▶ Work order
Set down the data below exactly; pictures stay out.

▶ Data records
-=-=-=-=-

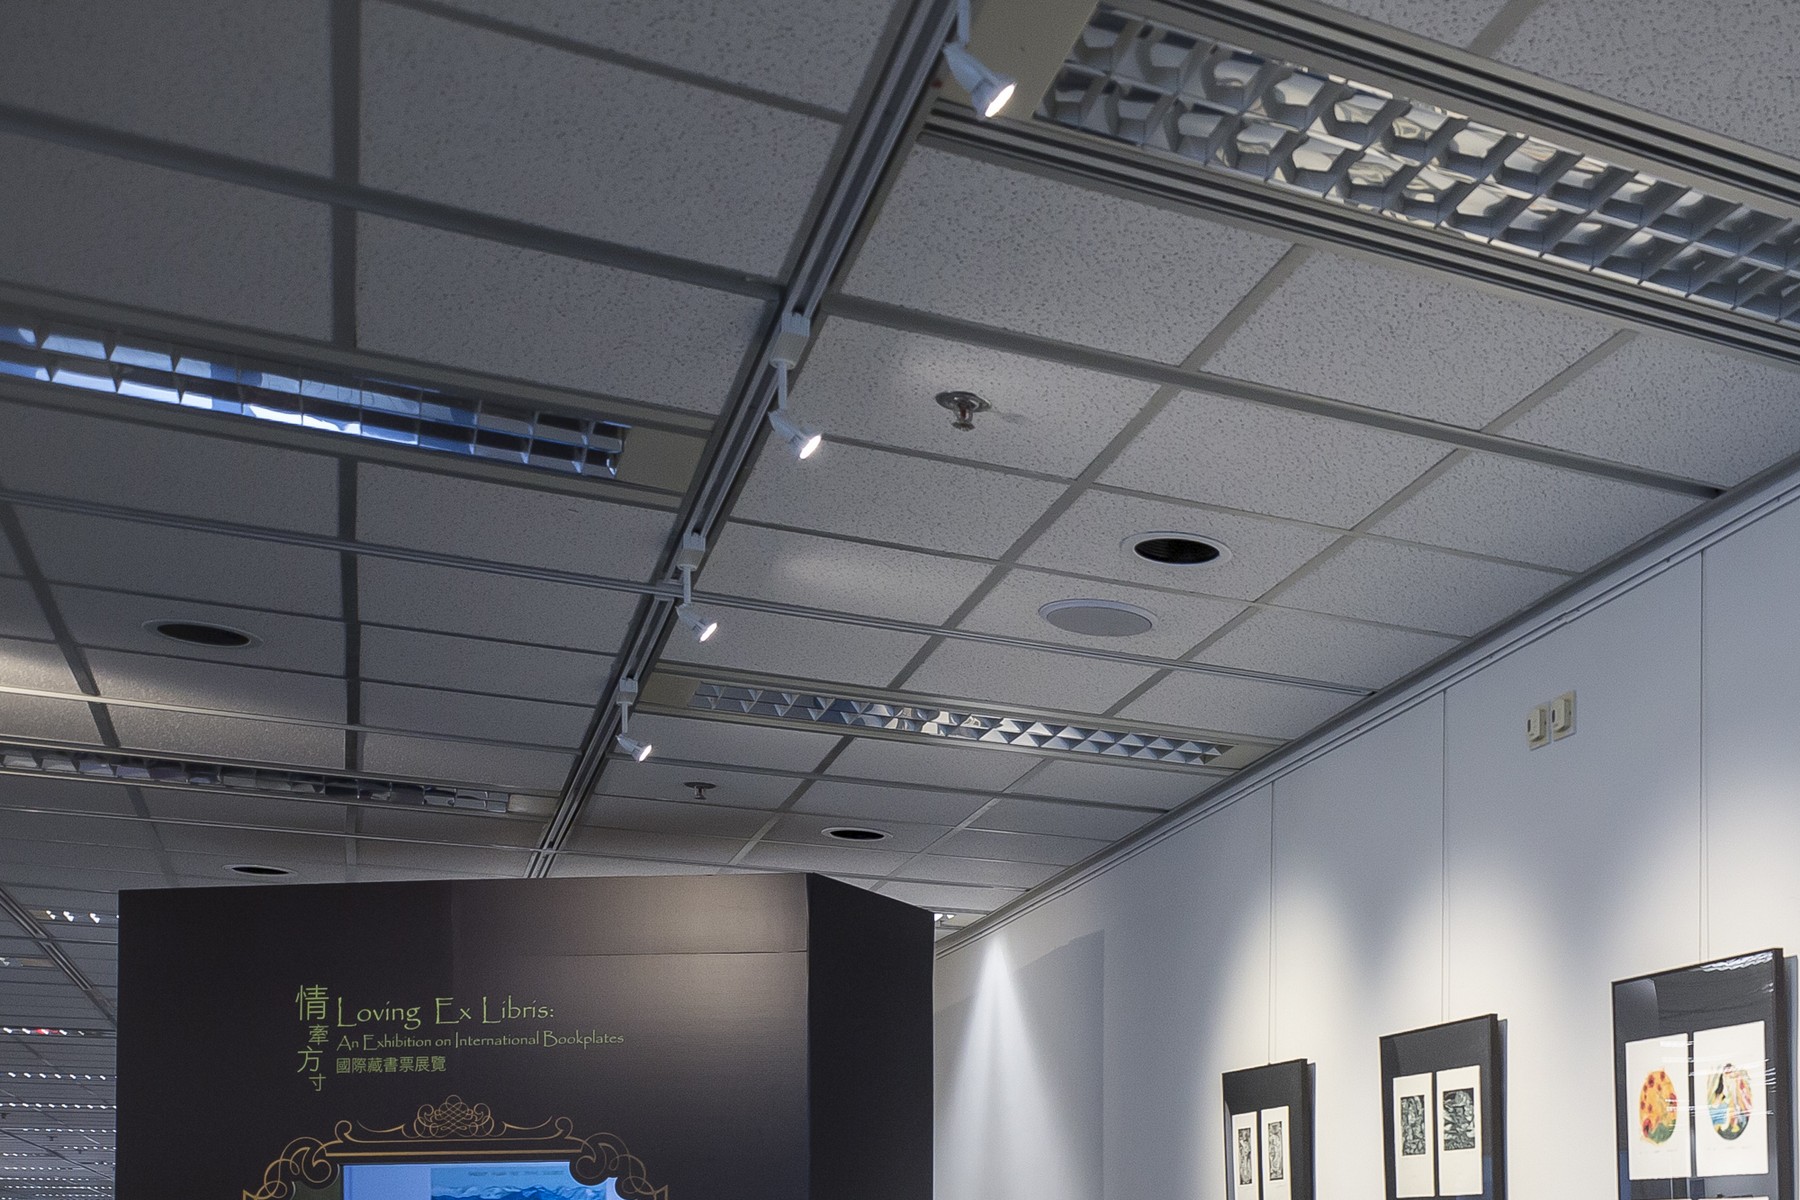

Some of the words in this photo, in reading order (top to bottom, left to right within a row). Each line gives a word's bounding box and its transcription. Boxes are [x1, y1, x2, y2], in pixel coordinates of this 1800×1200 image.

[336, 996, 421, 1030] Loving
[435, 997, 472, 1024] Ex
[482, 995, 554, 1024] Libris:
[295, 984, 329, 1092] 情牽方寸
[336, 1035, 359, 1051] An
[363, 1034, 431, 1051] Exhibition
[435, 1038, 451, 1047] on
[455, 1031, 539, 1048] International
[543, 1029, 625, 1049] Bookplates
[336, 1055, 446, 1074] 國際藏書票展覽

-=-=-=-=-

▶ Answer to this task
Some of the words in this photo, in reading order (top to bottom, left to right within a row). Each line gives a word's bounding box and its transcription. Boxes are [x1, y1, x2, y2], in pixel coordinates of this 1800×1200 image.

[336, 996, 421, 1030] Loving
[435, 997, 472, 1024] Ex
[482, 995, 554, 1024] Libris:
[295, 984, 329, 1092] 情牽方寸
[336, 1035, 359, 1051] An
[363, 1034, 431, 1051] Exhibition
[435, 1038, 451, 1047] on
[455, 1031, 539, 1048] International
[543, 1029, 625, 1049] Bookplates
[336, 1055, 446, 1074] 國際藏書票展覽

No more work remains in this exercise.